* ASSIGNMENT
Could you restate every entry word for word, leaving the pictures out?

* SUPPLIED RECORDS
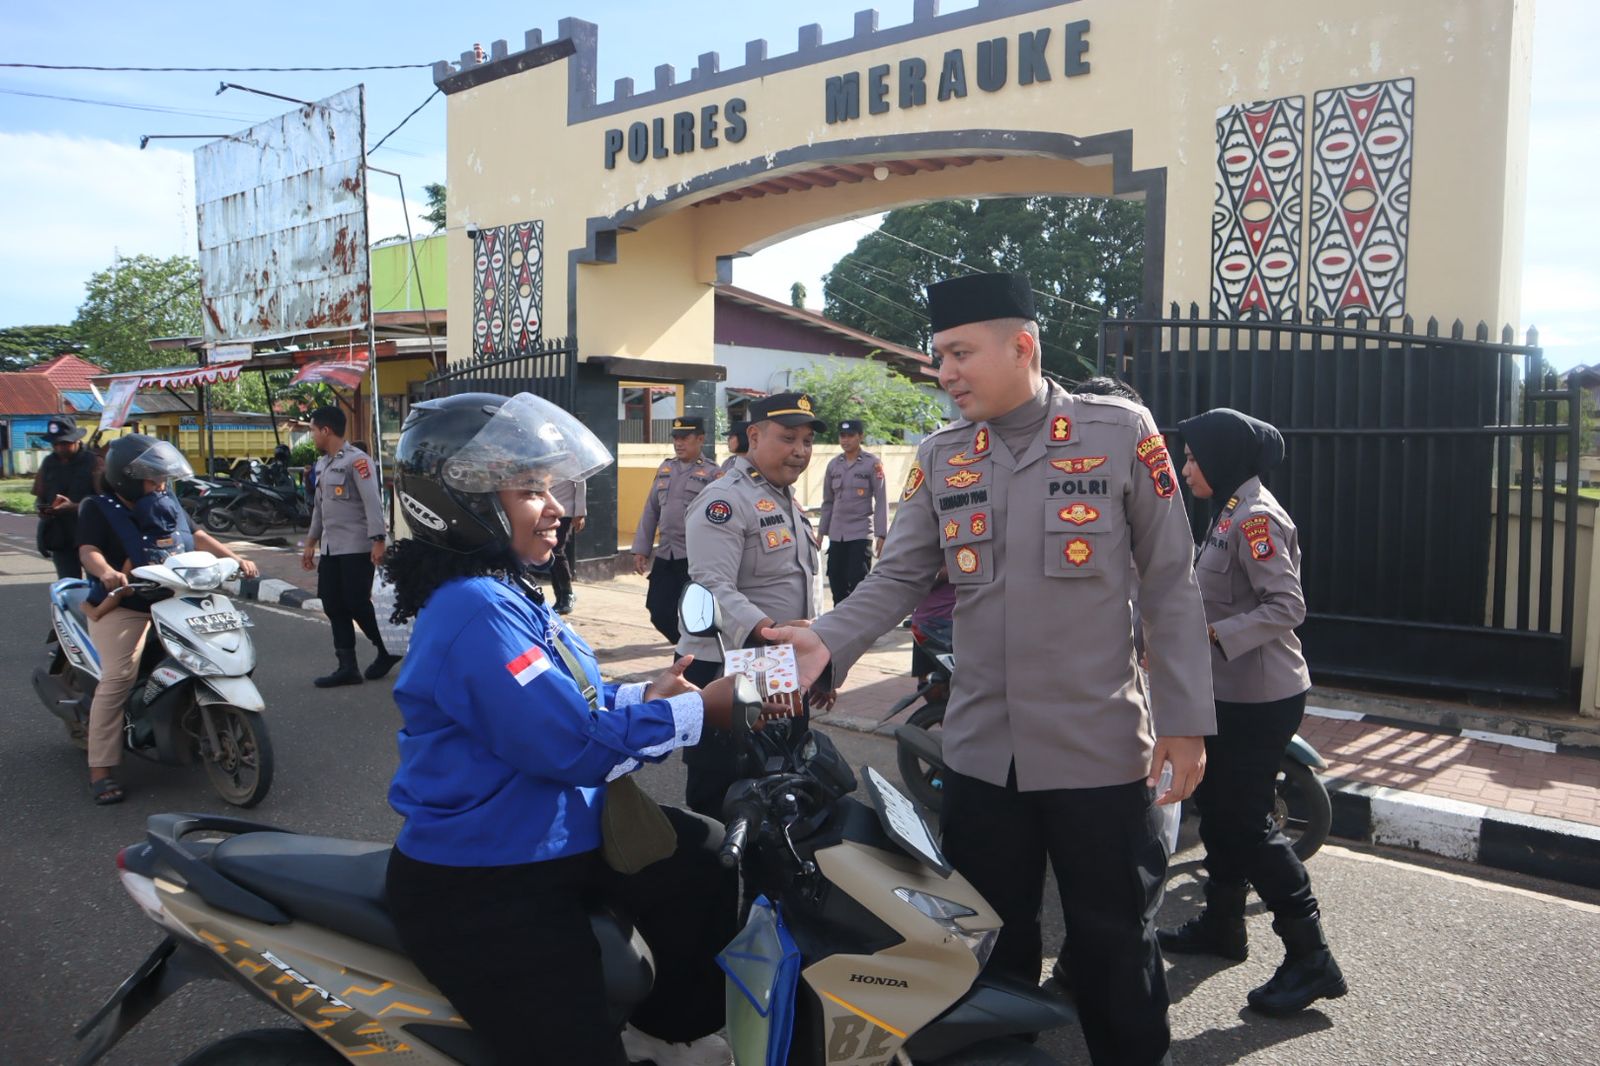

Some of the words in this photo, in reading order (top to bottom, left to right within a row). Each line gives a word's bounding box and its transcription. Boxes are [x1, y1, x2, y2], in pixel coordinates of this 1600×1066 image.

[604, 97, 748, 170] POLRES
[825, 19, 1091, 125] MERAUKE
[1049, 479, 1107, 496] POLRI
[403, 496, 442, 526] INK
[760, 514, 785, 528] ANDRE
[849, 973, 909, 989] HONDA
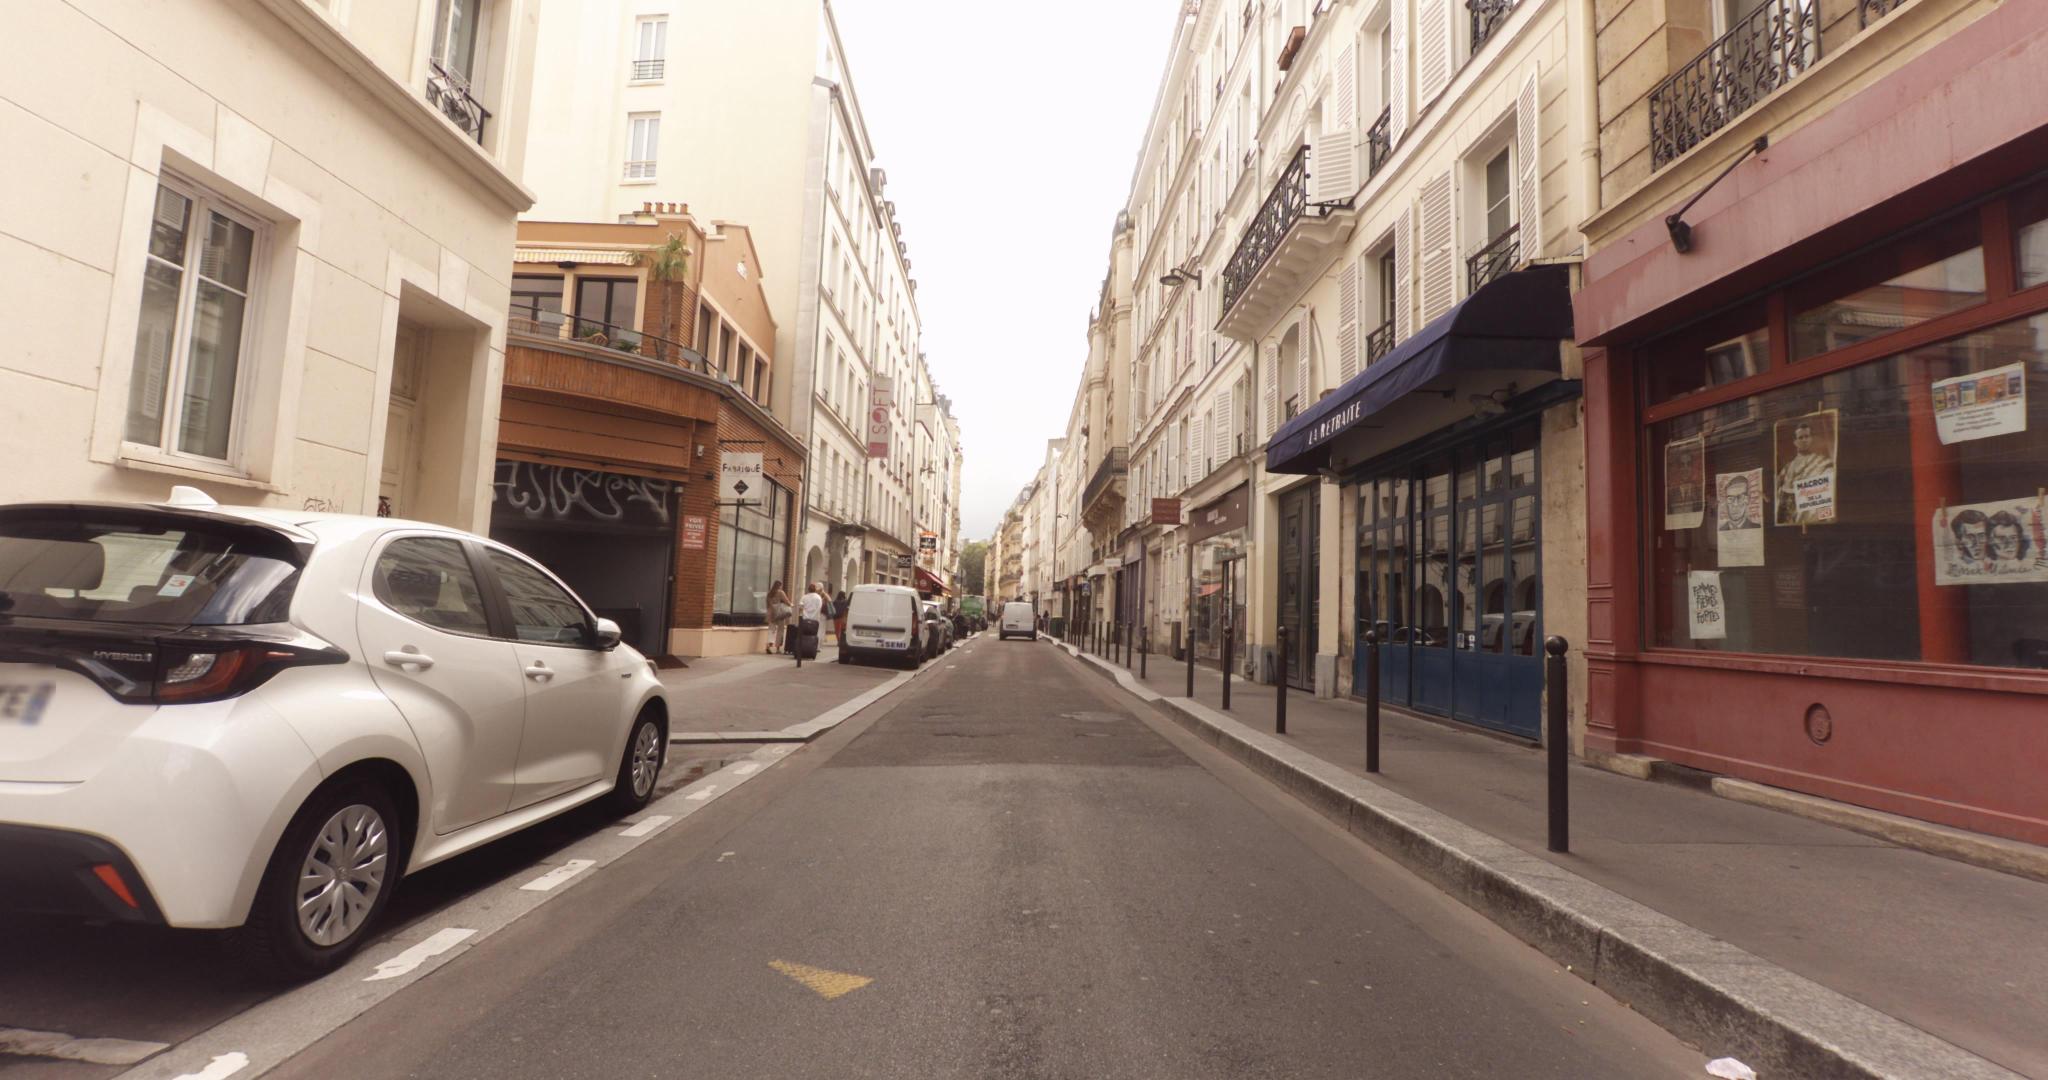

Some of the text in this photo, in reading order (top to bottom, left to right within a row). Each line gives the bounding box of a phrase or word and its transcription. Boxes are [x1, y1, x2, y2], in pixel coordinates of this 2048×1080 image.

[871, 386, 890, 434] SOFT
[1308, 400, 1361, 445] LA RETRAITE
[722, 463, 761, 473] FABRIQUE
[1796, 476, 1830, 491] MACRON

* SOLUTION TO THIS PROBLEM
Some of the words in this photo, in reading order (top to bottom, left to right within a row). Each line gives a word's bounding box and its transcription. Boxes are [x1, y1, x2, y2], in pixel coordinates of this 1600×1066 image.

[604, 97, 748, 170] POLRES
[825, 19, 1091, 125] MERAUKE
[1049, 479, 1107, 496] POLRI
[403, 496, 442, 526] INK
[760, 514, 785, 528] ANDRE
[849, 973, 909, 989] HONDA

Some of the text in this photo, in reading order (top to bottom, left to right within a row). Each line gives the bounding box of a phrase or word and its transcription. Boxes are [x1, y1, x2, y2], in pixel coordinates of this 2048×1080 image.

[871, 386, 890, 434] SOFT
[1308, 400, 1361, 445] LA RETRAITE
[722, 463, 761, 473] FABRIQUE
[1796, 476, 1830, 491] MACRON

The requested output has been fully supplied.